Synopsis
Suite de l'histoire de Utsunomiko
Durant la guerre civile de Jinshin-no-Ran en 762, un enfant portant une petite corne sur le front naquit. Sa mère, le considérant comme un oni, l'abandonna, mais une vieille femme shugenja le recueillit et l'éleva, le nommant Utsunomiko, ce qui signifie « Enfant divin des cieux ». Elle lui expliqua que sa corne représentait l'union du ciel et de la terre. Tandis que Miko grandissait dans la nature, maîtrisant les pratiques du Shugendō, il commença à visiter les villages voisins par curiosité. Constatant la pauvreté généralisée et les souffrances du peuple, il utilisa ses capacités spirituelles pour les aider. Cependant, sa colère contre les dirigeants égoïstes et leurs mesquines luttes de pouvoir le conduisit finalement à un conflit ouvert avec la Cour impériale, lançant Miko dans un long voyage en tant que défenseur des opprimés.
Dans cette partie
Explorant le voyage spirituel humain vers le Royaume Céleste de Bouddha, UTSU NO MIKO suit cinq compagnons alors qu'ils s'efforcent d'apporter la paix à une Terre corrompue et chaotique.
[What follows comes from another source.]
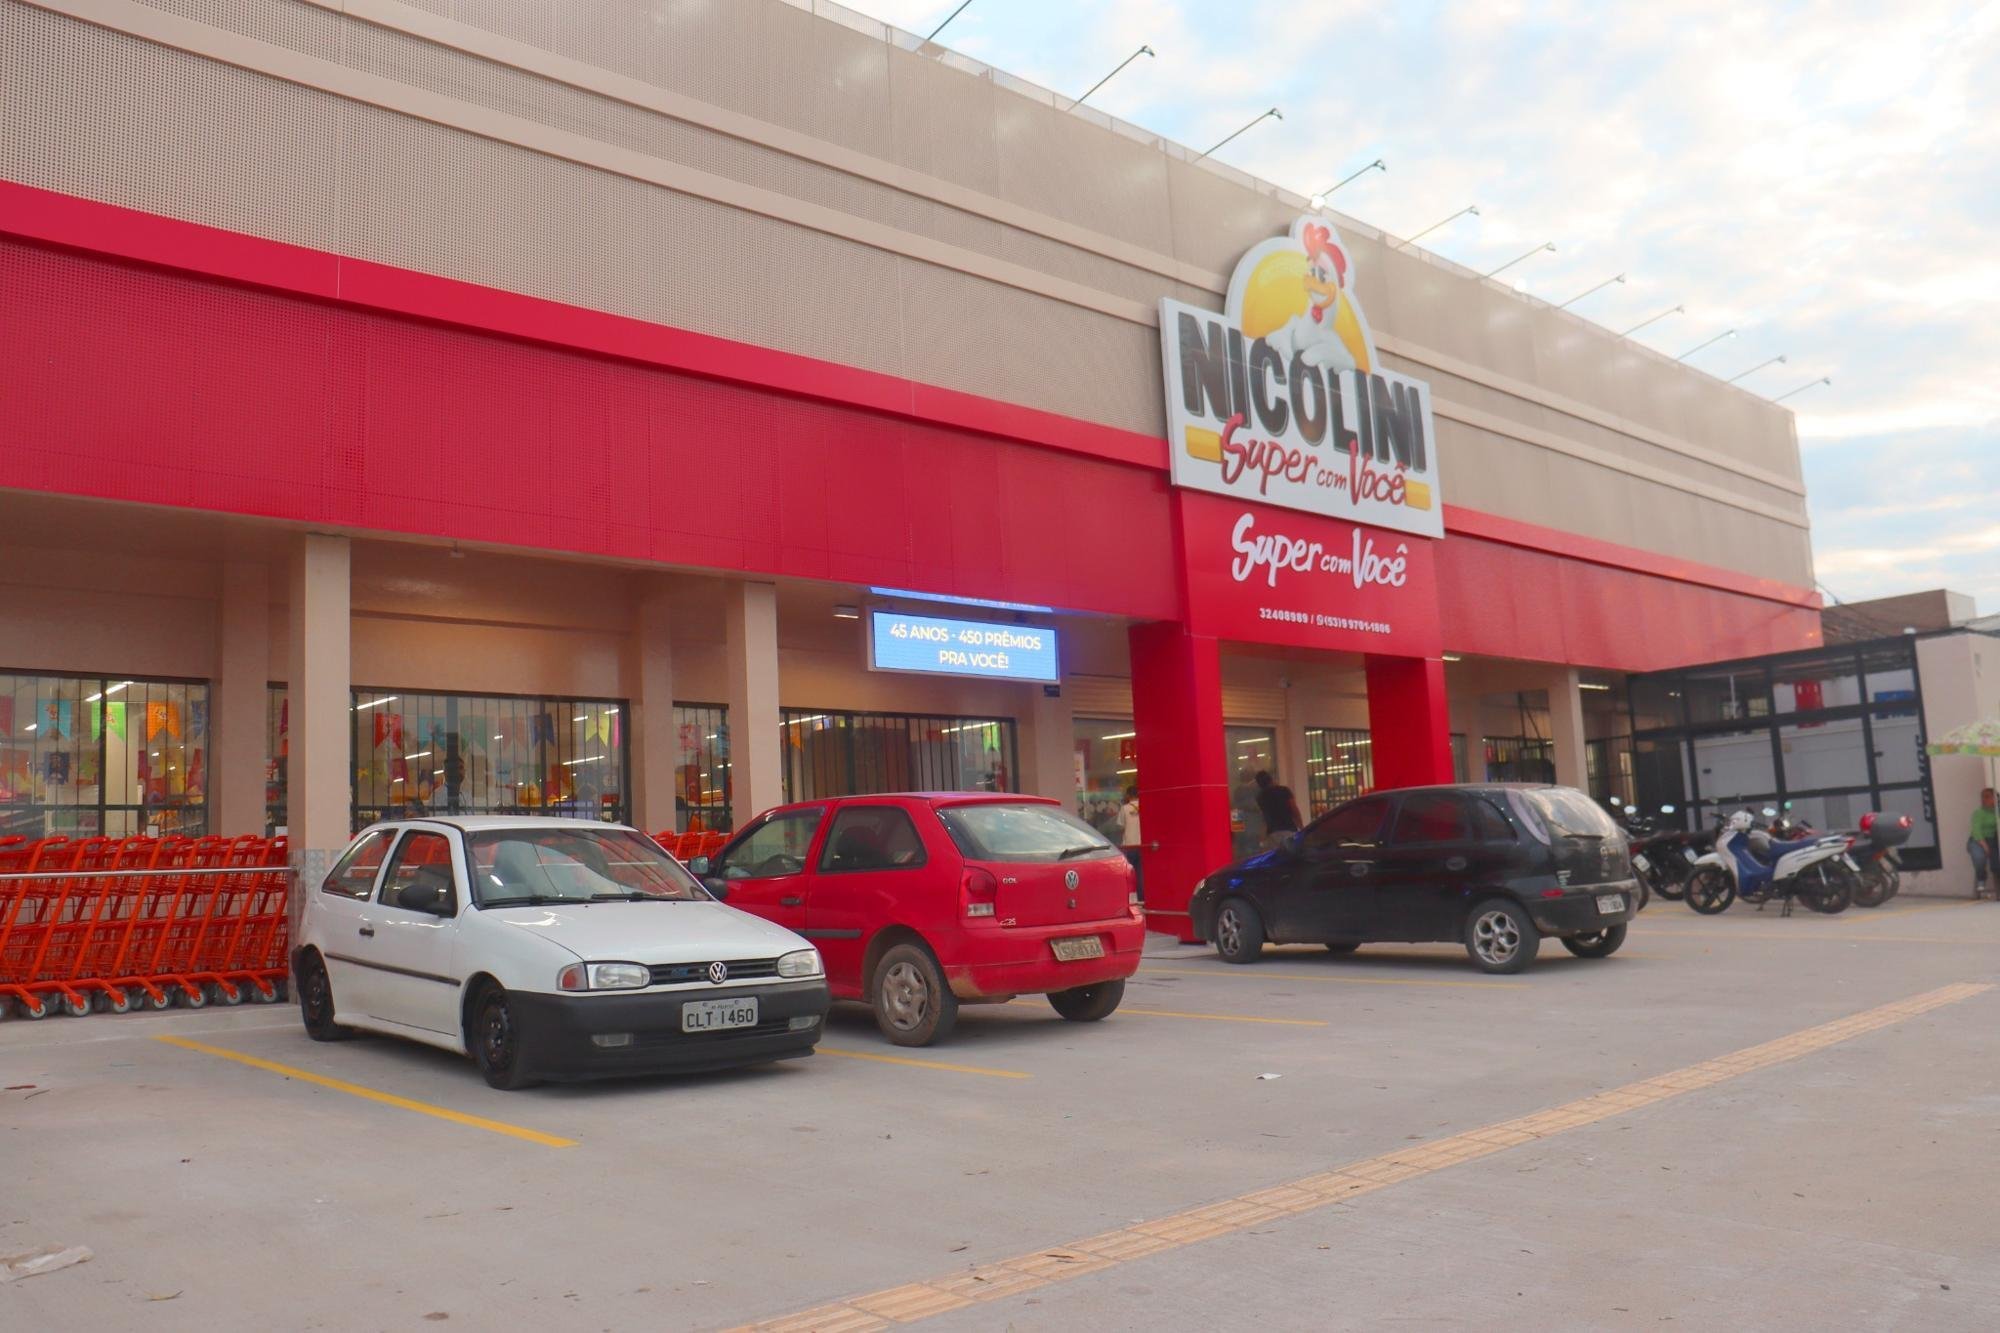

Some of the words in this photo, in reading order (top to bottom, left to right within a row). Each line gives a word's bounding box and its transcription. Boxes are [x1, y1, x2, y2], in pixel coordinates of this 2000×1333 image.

Né avec une corne, Utsu no Miko trouve refuge sur le mont Kongo, où il s'entraîne pour devenir un dieu. Lorsque le règne du gouvernement impérial ne mène qu'à la ruine pour le peuple, Miko et ses amis entreprennent un pèlerinage de 33 ans vers le Royaume Céleste pour rencontrer le tout-puissant Père de l'Étoile du Nord. Pourtant, le chemin est semé d'embûches, car ces cinq humains s'aventurent dans le monde des immortels où les dieux détiennent un pouvoir absolu. Pour atteindre leur but, Miko doit d'abord défier les dieux au combat. Cependant, ils découvrent bientôt que les dieux eux-mêmes ne sont pas exempts de défauts et de désirs terrestres. Pour Miko, l'espoir de sauver Kagami le conduit à réaliser que le monde ne peut exister sans un équilibre entre les âmes turbulentes des dieux et la volonté de l'humanité de survivre et d'aimer. Alors qu'une vie se termine, une autre prend sa place, et ce n'est qu'avec une véritable paix que les gens peuvent enfin contempler le visage de Dieu.